Alpha-synuclein is a key protein involved in idiopathic as well as genetic forms of PD, which has been associated with the release of inflammatory mediators and mitochondrial dysfunction. Using iPSC-derived microglia as well as neuron-glia co-cultures, we aim at studying the effect of alpha-synuclein on mitochondria modulation and NLRP3 inflammasome activation. This project is carried out within the framework of the CORE Junior project NeuroFlame funded by the FNR.

Markers and mechanisms of reduced penetrance in LRRK2 mutation carriers of PD

The manifestation of PD and the age of onset are not exclusively determined by the mutation identity, for instance in the LRRK2 gene. So far, only few factors have emerged, which define disease penetrance or constitute signs of advanced progression in LRRK2-PD. By contrast, in fibroblasts from manifesting and non-manifesting G2019S mutation carriers, we detected a correlation between mtDNA deletions and disease status (Ouzren et al. Ann Neurol 2019). Furthermore, cells from manifesting G2019S carriers had impaired complex I function as well as increased mitochondrial mass and mtDNA copy number, suggestive of impaired mitophagy. Finally, elevated expression of Nrf2 implicates ROS scavenging in the penetrance of LRRK2-PD (Delcambre et al. Front Neurol 2020). Thus, we now speculate that, in manifesting G2019S mutation carriers, increased LRRK2 kinase activity interferes with Nrf2 antioxidant signaling, which in turn (i) promotes mtDNA damage, (ii) mediates ccf-mtDNA release, and eventually (iii) triggers pro-inflammatory signaling. We are exploring this hypothesis in patient iPSC-derived neurons and microglia. Of note, iPSC-derived microglia from G2019S mutation carriers exhibit higher levels of pS1292 LRRK2, a known pathogenic form of phosphorylated LRRK2, and these levels are accompanied by significantly higher levels of pRab10, a known LRRK2 target. Our findings further strengthen the role of LRRK2 kinase activity in the pathogenesis of PD. We are currently investigating the therapeutic kinase inhibitor MLi-2, with or without inflammatory stimuli, to study the role of kinase activity in the inflammatory processes.

In addition, we investigated how environmental toxins may interfere with this molecular mechanism (Lüth et al. Front Aging Neurosci 2020). This project is part of the Research Unit “ProtectMove” (, which is co-funded by the FNR and the DFG.
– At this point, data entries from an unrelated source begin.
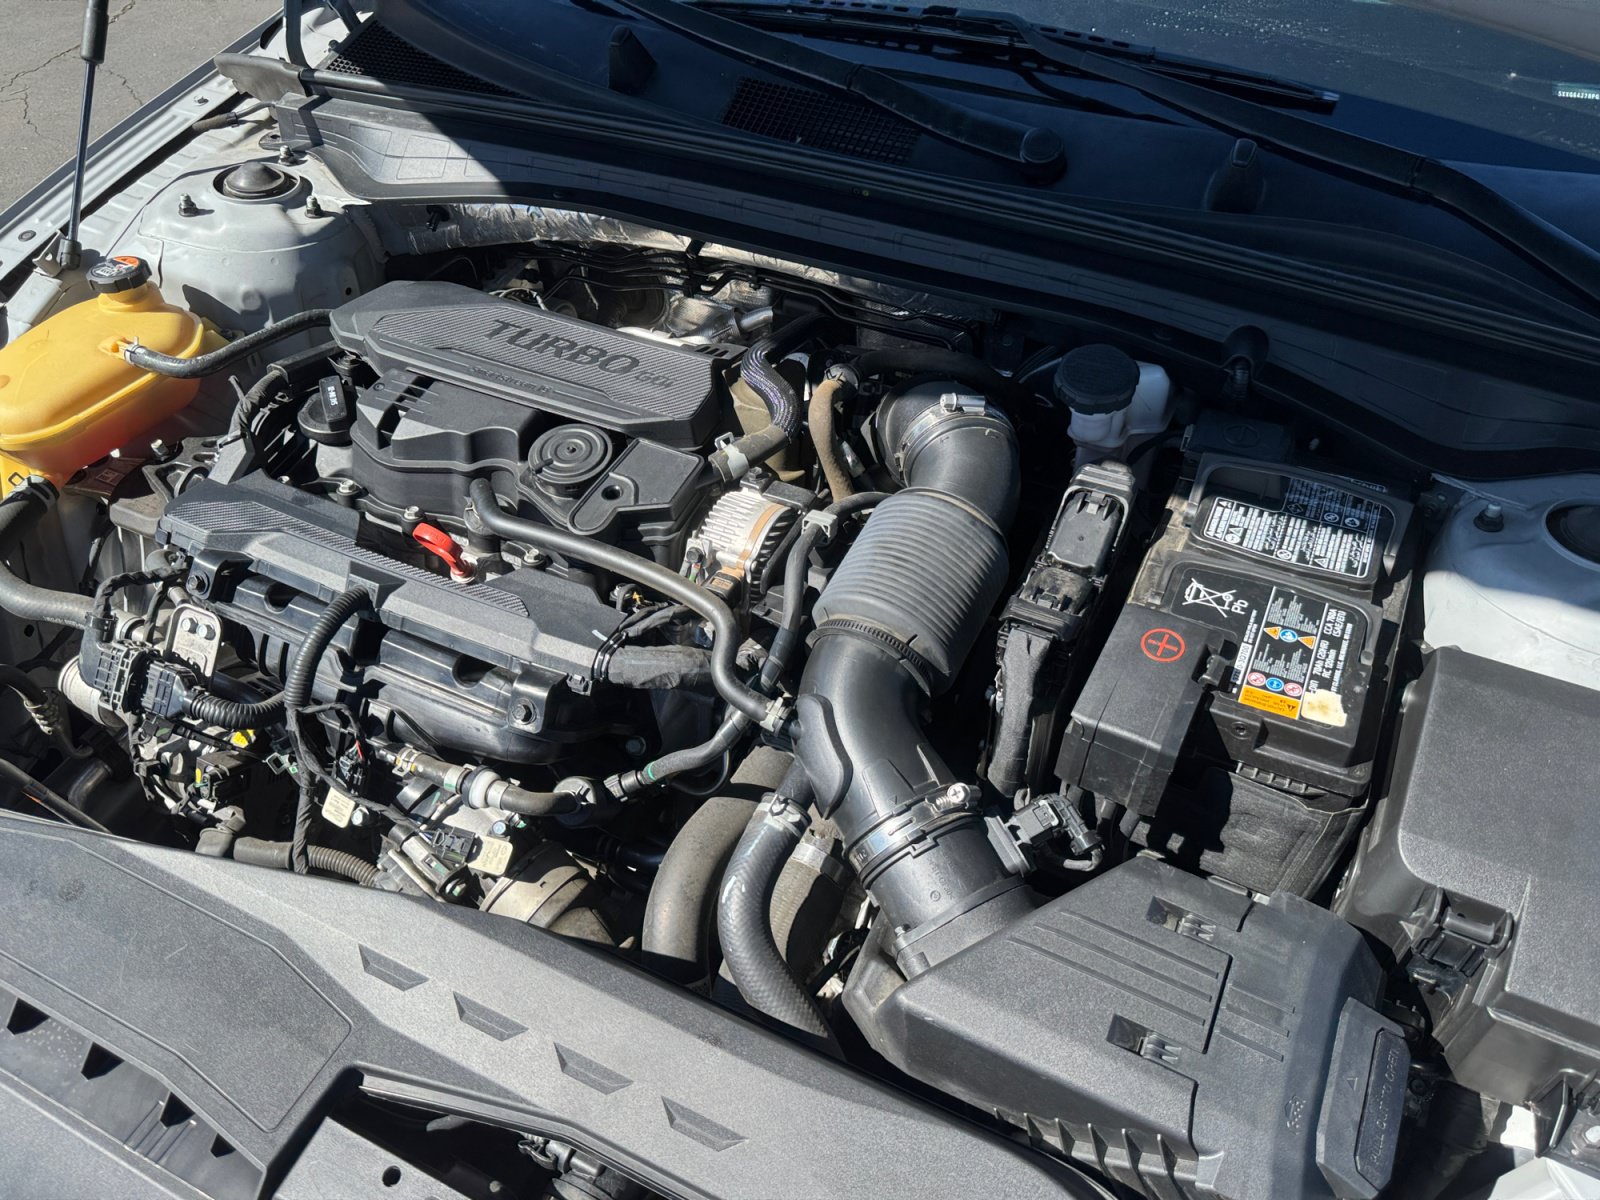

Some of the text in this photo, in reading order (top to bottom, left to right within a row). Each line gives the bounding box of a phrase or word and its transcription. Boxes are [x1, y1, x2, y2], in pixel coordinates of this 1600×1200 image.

[485, 319, 641, 375] TURBO
[1231, 599, 1249, 615] Pb
[1323, 623, 1333, 634] CCA
[1321, 669, 1332, 678] RC
[1384, 1047, 1400, 1082] OPEN
[1375, 1101, 1388, 1129] OUT
[1370, 1133, 1385, 1164] PULL
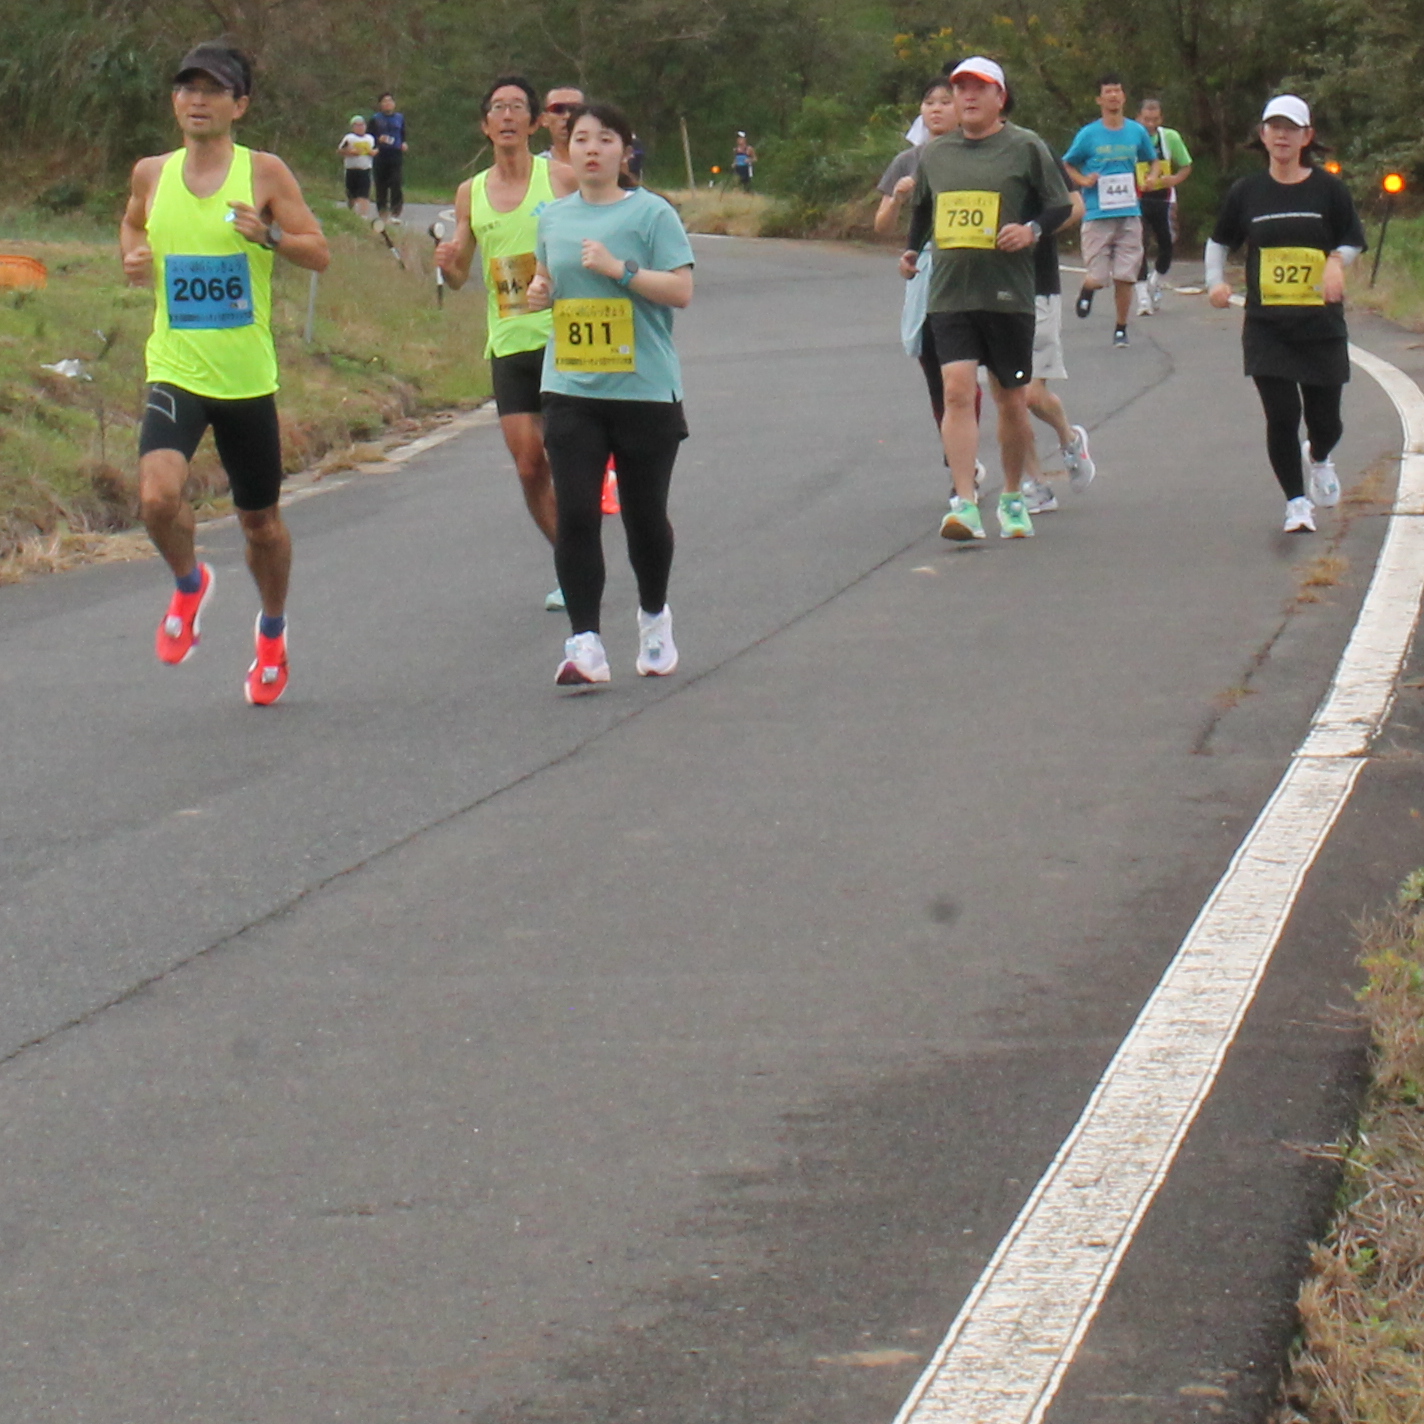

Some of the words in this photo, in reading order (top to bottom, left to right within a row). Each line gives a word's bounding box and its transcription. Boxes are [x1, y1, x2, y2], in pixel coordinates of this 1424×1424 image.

[1106, 183, 1129, 196] 444
[947, 208, 984, 228] 730
[1273, 265, 1312, 285] 927
[173, 276, 243, 302] 2066
[569, 321, 612, 346] 811
Impact of PD-associated alpha-synuclein mutations on astrocytic metabolism

Recently, the neurocentric view of PD has been challenged with evidences that the disrupted interaction between neurons and glia contribute to the disease progression. Notably, there is a strong body of evidence indicating that astrocytic metabolism is pivotal to ensure proper neuronal function. In light of these findings, we aim to study the neuronal-astrocytic cooperation in astrocytes derived from patients harboring mutations in SNCA, with a special focus on metabolic alterations that could exacerbated neuronal pathology. Within the framework of the FNR-funded project CAMeSyn, we are collaborating with Dr Johannes Meiser (LIH) and Prof Rejko Krüger (LCSB, LIH). Furthermore, applying a differentiation protocol developed in the group of Prof Jari Koistinaho (University of Helsinki), we are generating pure non-activated astrocyte cultures from patients and controls, which are suitable for metabolomics studies, as well as cytokine profiling in the context of neuroinflammation.